With the success of Battle Royale games there is going to be an increase of players that are more familiar with the control schemes on mobile that are inherently different than on PC. This can lead to a larger influx of players to Critical Ops who are familiar with shooter games and the controls. In a while players may be looking for a more fast-paced, fair, balanced and highly competitive shooter.
The vast levels seen in Battle Royale games cause challenges to network traffic and the graphics engine. The developers must think closely how to send and show the optimal amount of data and graphics to the players.
There’s a lot more going on in the Battle Royale games. Inventories with different items, vehicles, building mechanics, etc are all things that come with the genre. All this simply requires more development in many aspects.
Battle Royale games are primarily developed PC first. This is a disadvantage for the mobile experience because game session lengths for Battle Royale games are the same on PC, consoles and mobile. This is extremely demanding for mobile phone batteries. Critical Ops has shortened session lengths from its’ peers in the PC platform somewhat but have been keeping an ear for the community who seem to want a bit longer sessions.
It’s interesting to see when the Battle Royale games will make their debut in the mobile esports scene where Critical Ops is one of the pioneering and strongest games.
Although the Battle Royale ruleset doesn’t lend itself to esports quite as well as traditional team-based shooters, anything very popular is bound to attract competition. The watchability and overall randomness in Battle Royale games is the biggest question mark in regards to them being esports.
Pretty much any game can be played competitively, whether it’s actually 1v1 or a single player game. It’s not so much about the game itself, it’s about the meta built around it.
Mobile shooters growing
The success of mid- to hardcore gaming experiences will make the mobile more serious alternative to the PC and consoles as a gaming platform. It helps putting the mobile platform as a proper gaming platform in the market.
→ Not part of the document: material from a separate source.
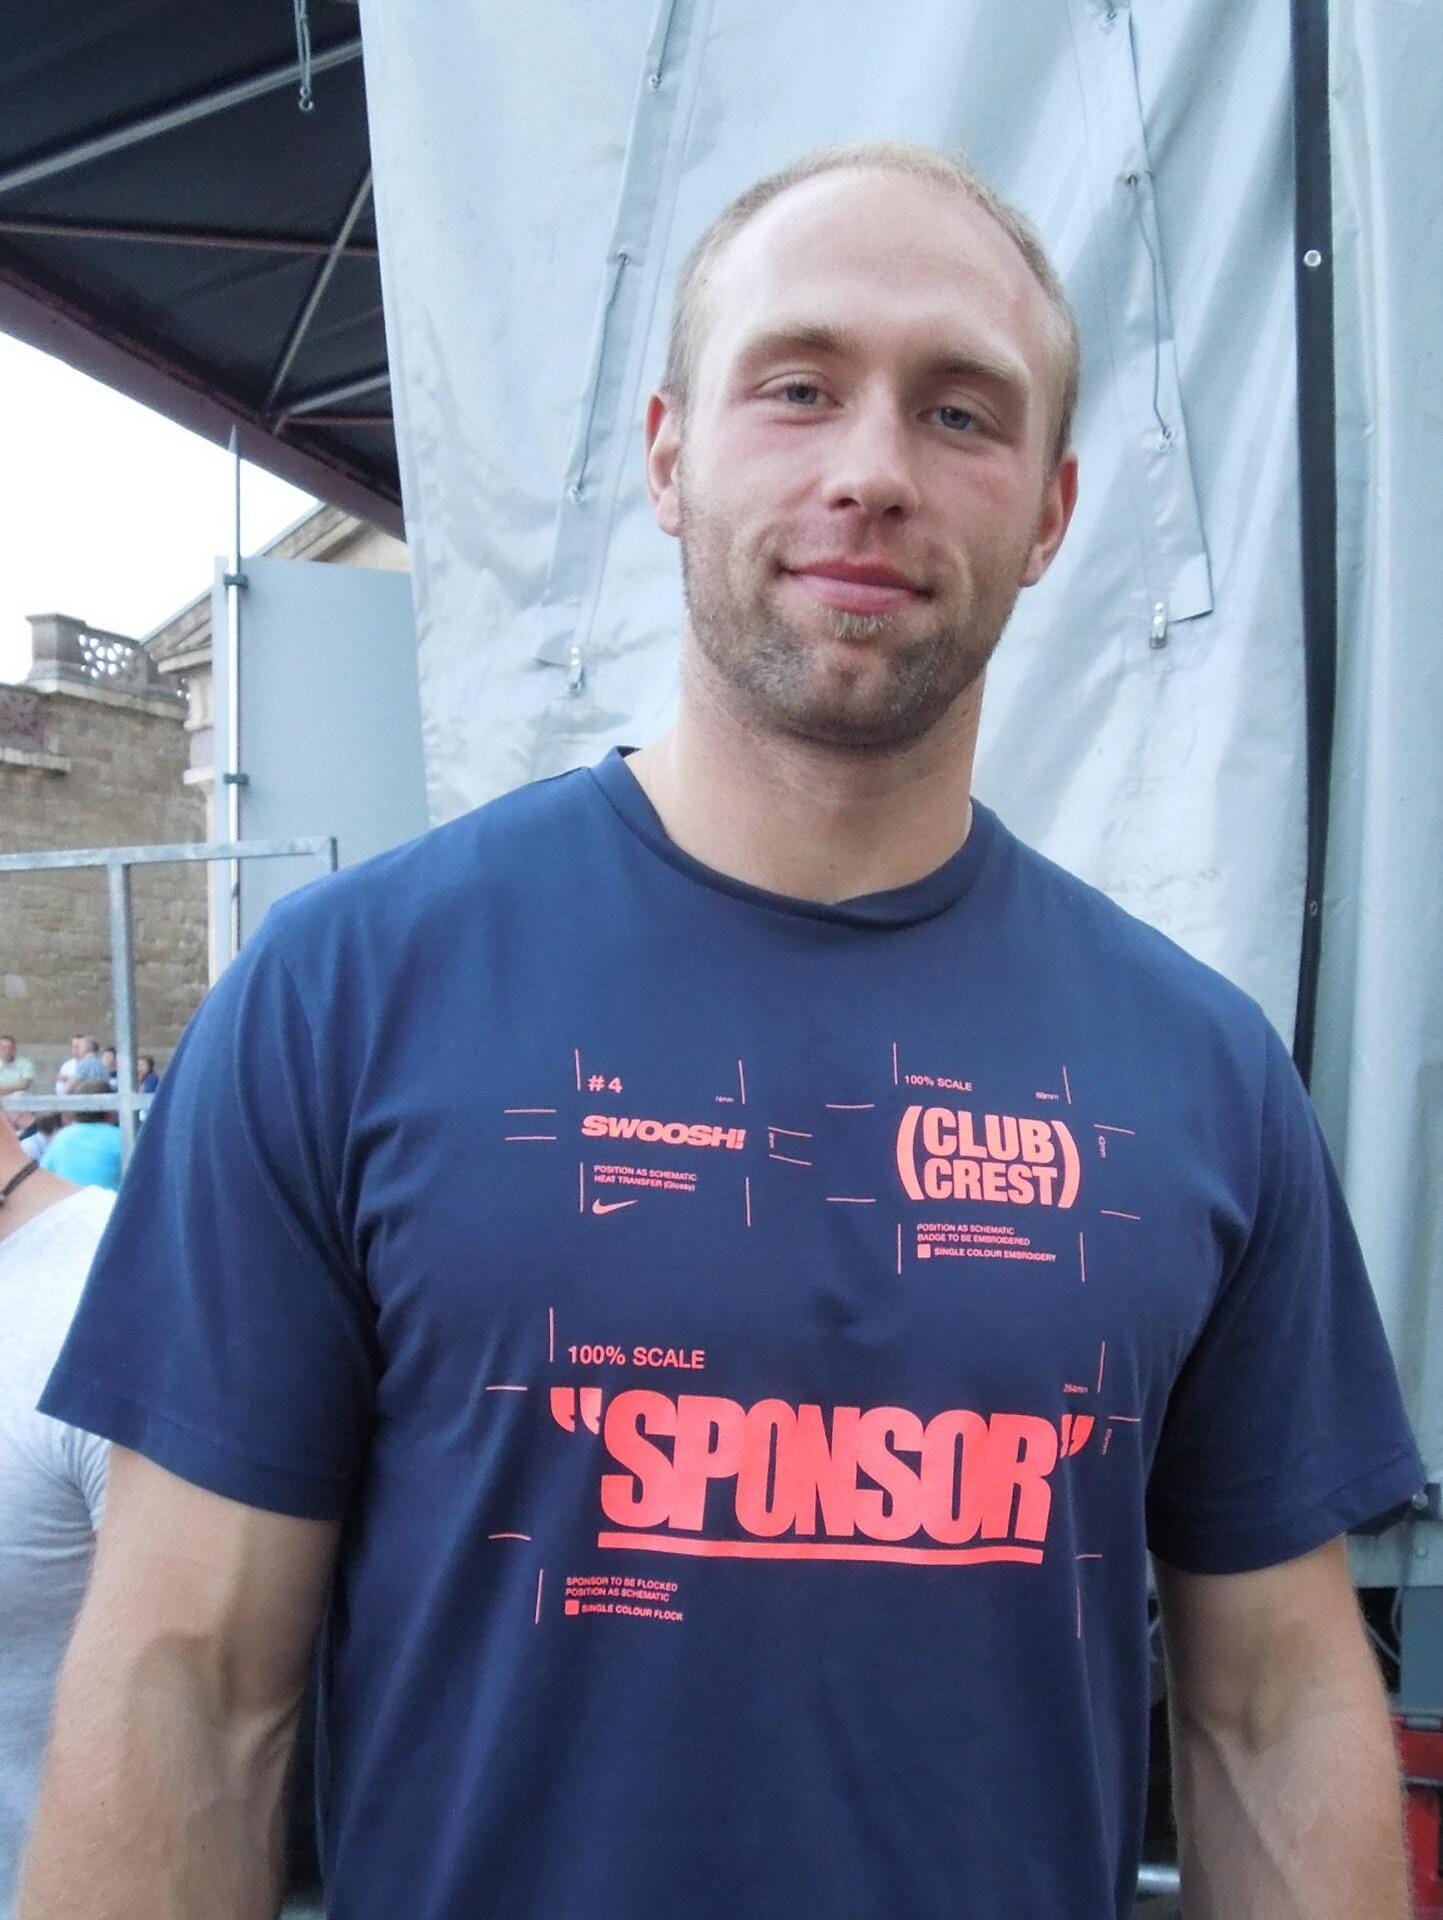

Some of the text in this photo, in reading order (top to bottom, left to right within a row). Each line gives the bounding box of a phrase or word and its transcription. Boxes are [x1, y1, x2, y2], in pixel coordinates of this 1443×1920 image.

Battle Royale games will introduce plenty of people to mobile shooters and also win over some skeptics. This bodes well for mobile shooters as a whole, as the genre’s massive potential is recognized by an increasing amount of players.
Veli-Pekka Piirainen, CEO of Critical Force concludes: “The massive onslaught of Battle Royal shooter games to mobile is a very good thing for us. It shows that shooter games can rise to the top of the sales charts. It also brings many new players to shooter games on the mobile platform. In the long run, we will benefit from it because at some point players will get burnt out playing Battle Royal games and they will start looking for more challenging and skill based alternatives like our Critical Ops game.”